“Some mental disorders aren’t merely common—they’re the norm”, or so a recent Science News article, “Rates of common mental disorders double up“, reports. Notice the orange bar in the graph (left) which shows a recent prospective study(1) of 1000 New Zealanders assessed for mental disorders eleven times between the ages of 3 and 32. I have little doubt that such a study done in American would surpass New Zealand’s 50% number. Something is bizarre about this data, in my view. First, why not read it to see what you think.
All right, my first thought was, how can it be that half the human population has a ‘common mental disorder’? Disorders are presumably non-normal events, unless your living at the edge of a black hole. Something this common can’t be non-normal, can it?
Although, that is not the real bone I have to pick with this report. The larger issue for me is that researchers are focusing on what is a symptom of our culture rather than underlying causes. Indeed, this is especially so if mental disorders are the norm now. Given that the norm now is a 50/50 chance of having a mental disorder, perhaps something more fundamental is taking place. I imagine this something, lying at the heart of our ‘normal’ culture, is something we may not wish to see.

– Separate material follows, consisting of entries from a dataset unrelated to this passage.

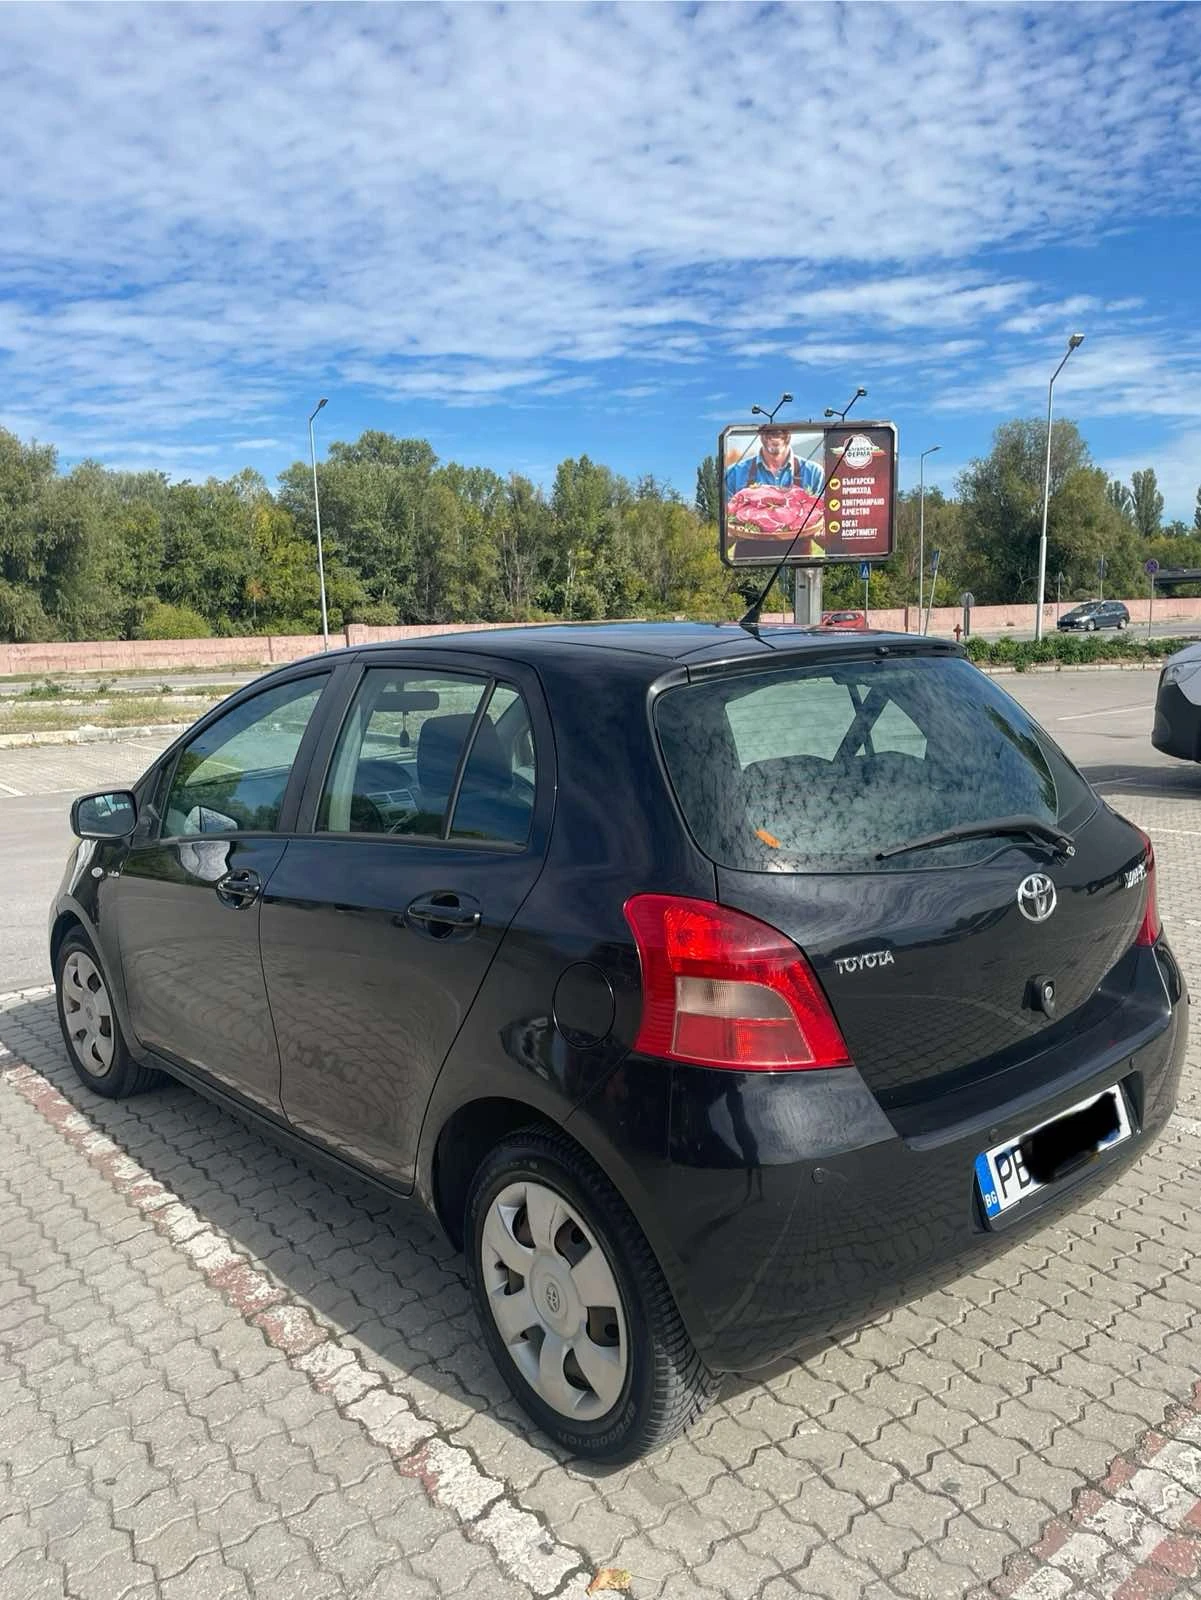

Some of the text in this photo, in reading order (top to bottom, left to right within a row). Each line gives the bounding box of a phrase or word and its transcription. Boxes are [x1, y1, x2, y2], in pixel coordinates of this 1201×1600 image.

[842, 477, 876, 486] БЪЛГАРСКИ
[842, 486, 872, 495] ПРОИЗХОД
[842, 498, 885, 506] КОНТРОЛИРАНО
[841, 507, 870, 516] КАЧЕСТВО
[841, 519, 858, 527] БОГАТ
[841, 528, 878, 537] АСОРТИМЕНТ
[834, 950, 895, 975] TOYOTA
[984, 1190, 998, 1209] BG
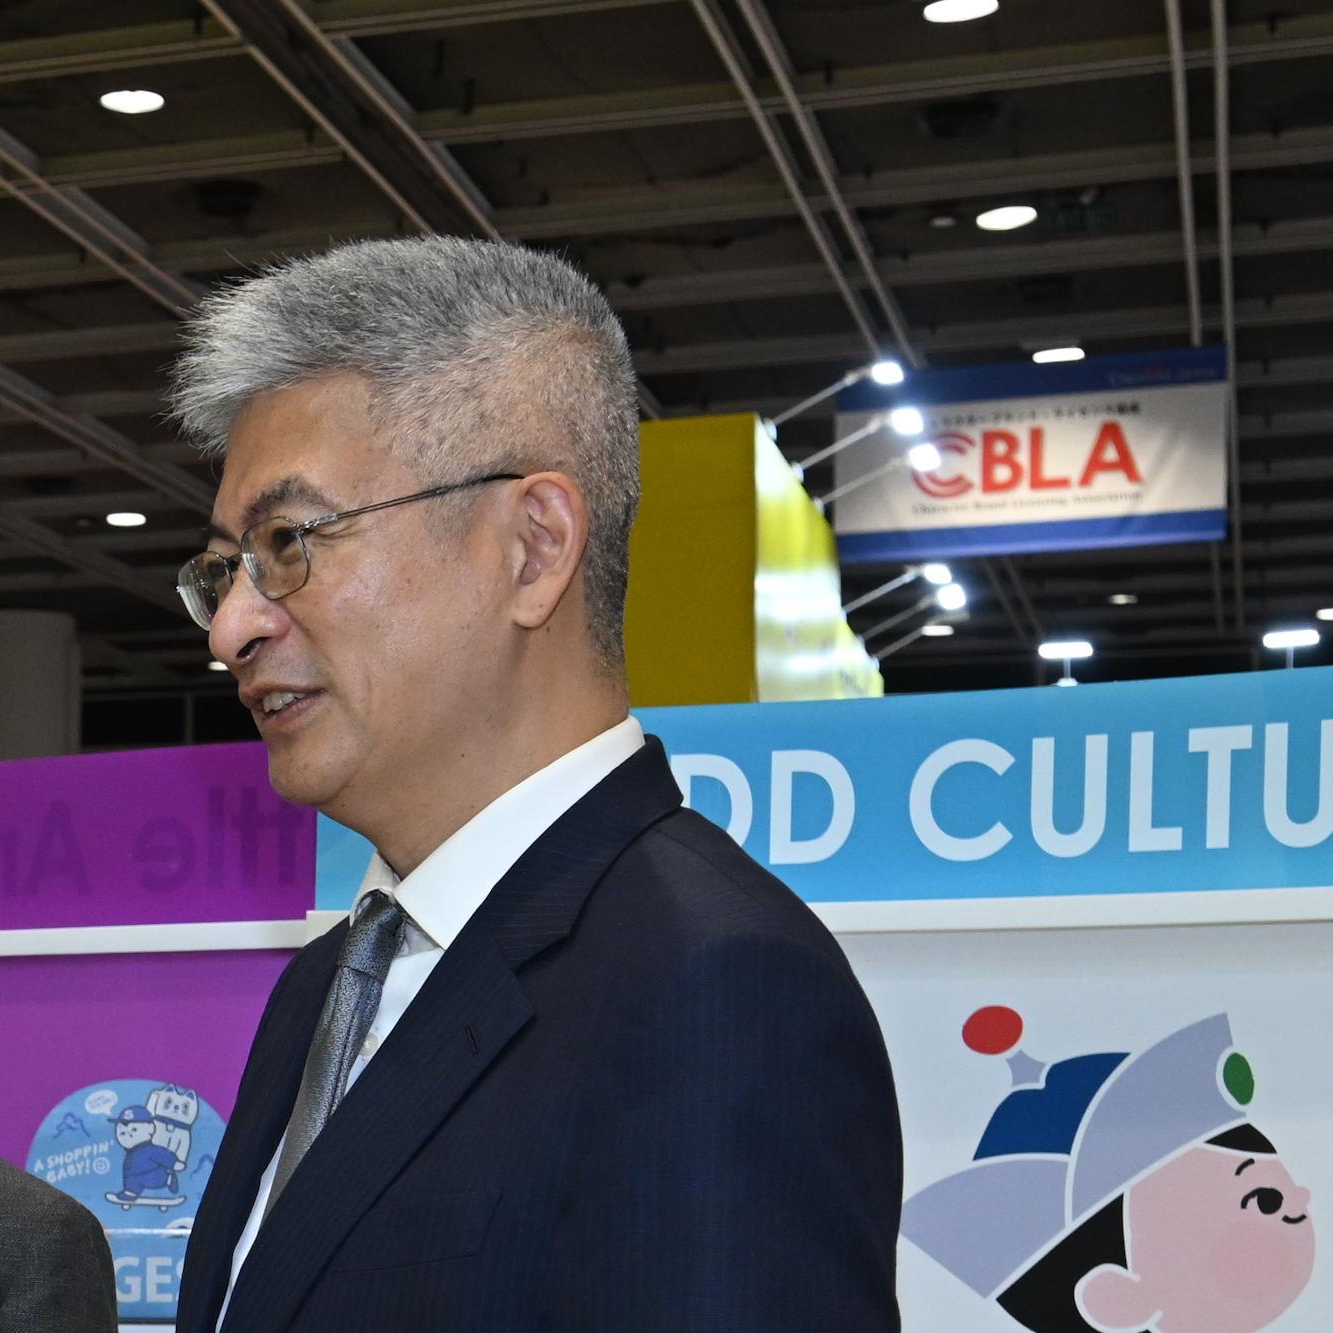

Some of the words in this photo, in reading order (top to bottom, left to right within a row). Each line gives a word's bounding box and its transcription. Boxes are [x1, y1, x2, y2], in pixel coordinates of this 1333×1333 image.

[911, 420, 1143, 498] CBLA
[909, 719, 1333, 862] CULTU
[115, 1256, 182, 1304] GE
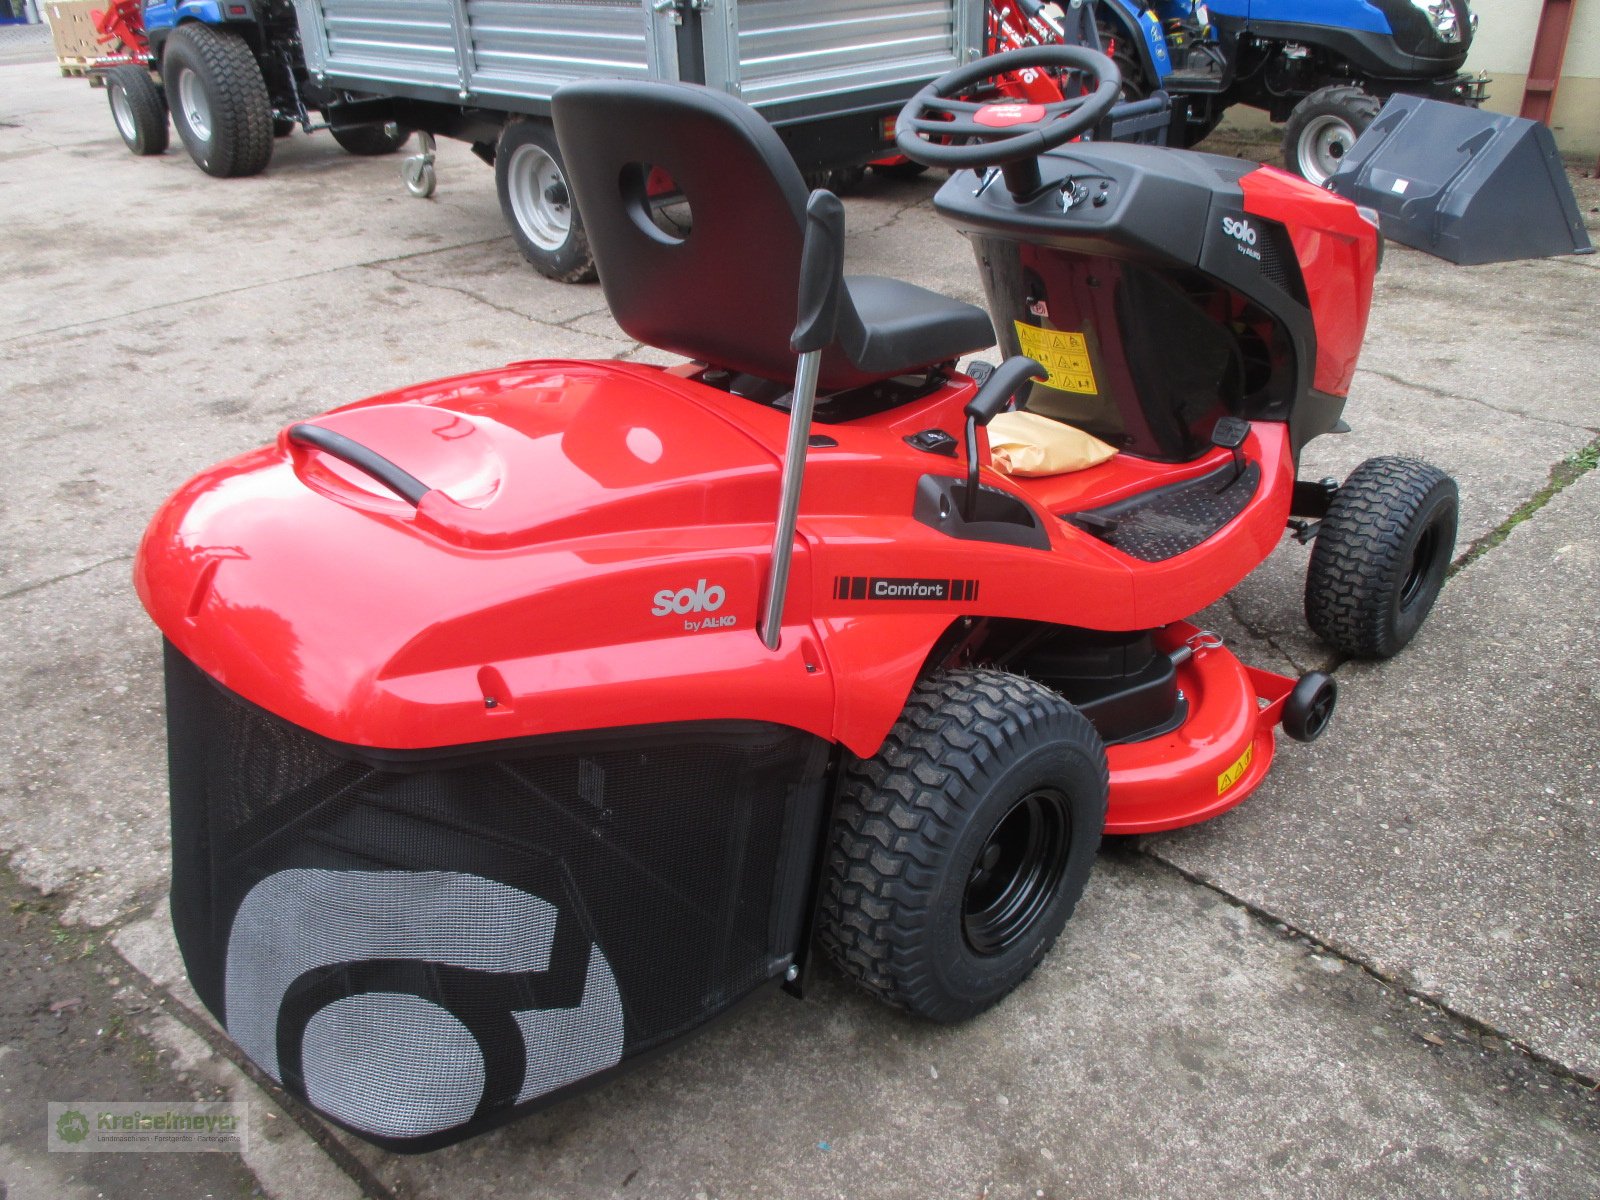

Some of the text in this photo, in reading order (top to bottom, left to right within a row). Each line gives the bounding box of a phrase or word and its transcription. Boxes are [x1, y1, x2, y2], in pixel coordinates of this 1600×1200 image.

[1223, 217, 1256, 245] solo
[651, 578, 726, 617] solo
[875, 581, 943, 596] Comfort
[684, 620, 701, 632] by
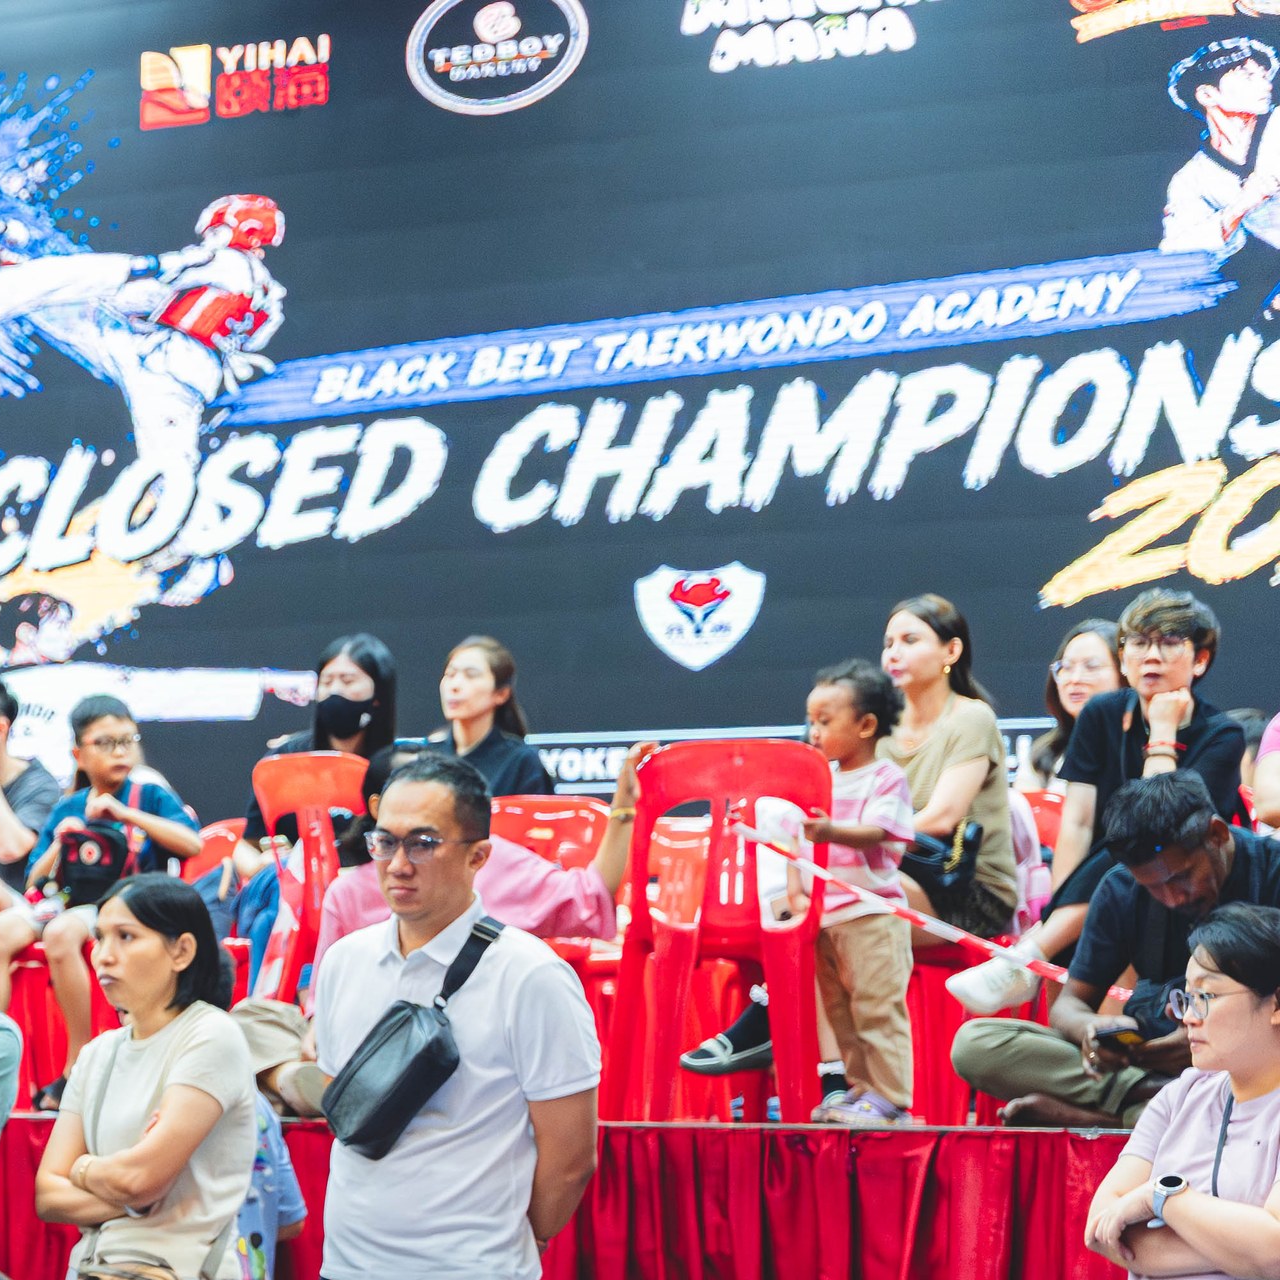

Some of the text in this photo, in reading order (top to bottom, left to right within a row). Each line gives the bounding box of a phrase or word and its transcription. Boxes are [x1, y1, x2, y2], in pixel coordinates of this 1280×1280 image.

I suspect that most mental disorders we see now are caused by an increasing sense of disconnection people feel. The remarkable popularity of Facebook, email, cell-phones, and as well as social outlets in general, comes out of our deep seated need to feel more connected than we do. Simply put, we have an social thirst that goes unquenched. I can’t imagine members of close knit tribal groups (the ‘norm’ long ago) being this socially ‘thirsty’. They had the true social security that a life-long bond of interdependent relationships provides. The unintended consequence of civilization is the lost of the close-knit tribal life style. The closest match to this type of connection now-a-days is the nuclear family. However, the civilization in which a family finds itself competes for each individual’s loyalty (loyalty being just another aspect of social connection). Civilization spawns a house divided.
I suppose many people will find this view untenable. After all, we’re taught that civilization is ‘progress’ and thus a boon to humanity. Certainly civilization has been a boon materially speaking. However, we want to have our cake and eat it too. The idea that trading ‘up’ from tribal life to civilization lead to mental disorders is hard to entertain if one values civilization and naively expects progress to be a ‘win win’. As I’ve noted before, the world we see tends to reflect what we expect to see, which is largely what we’ve been taught to see. That makes a researchers task difficult, especially any researcher in the ‘pseudo’ social sciences, where observations are easily colored by cultural expectations.
(1) Prospective study: A study in which the subjects are identified and then followed forward in time.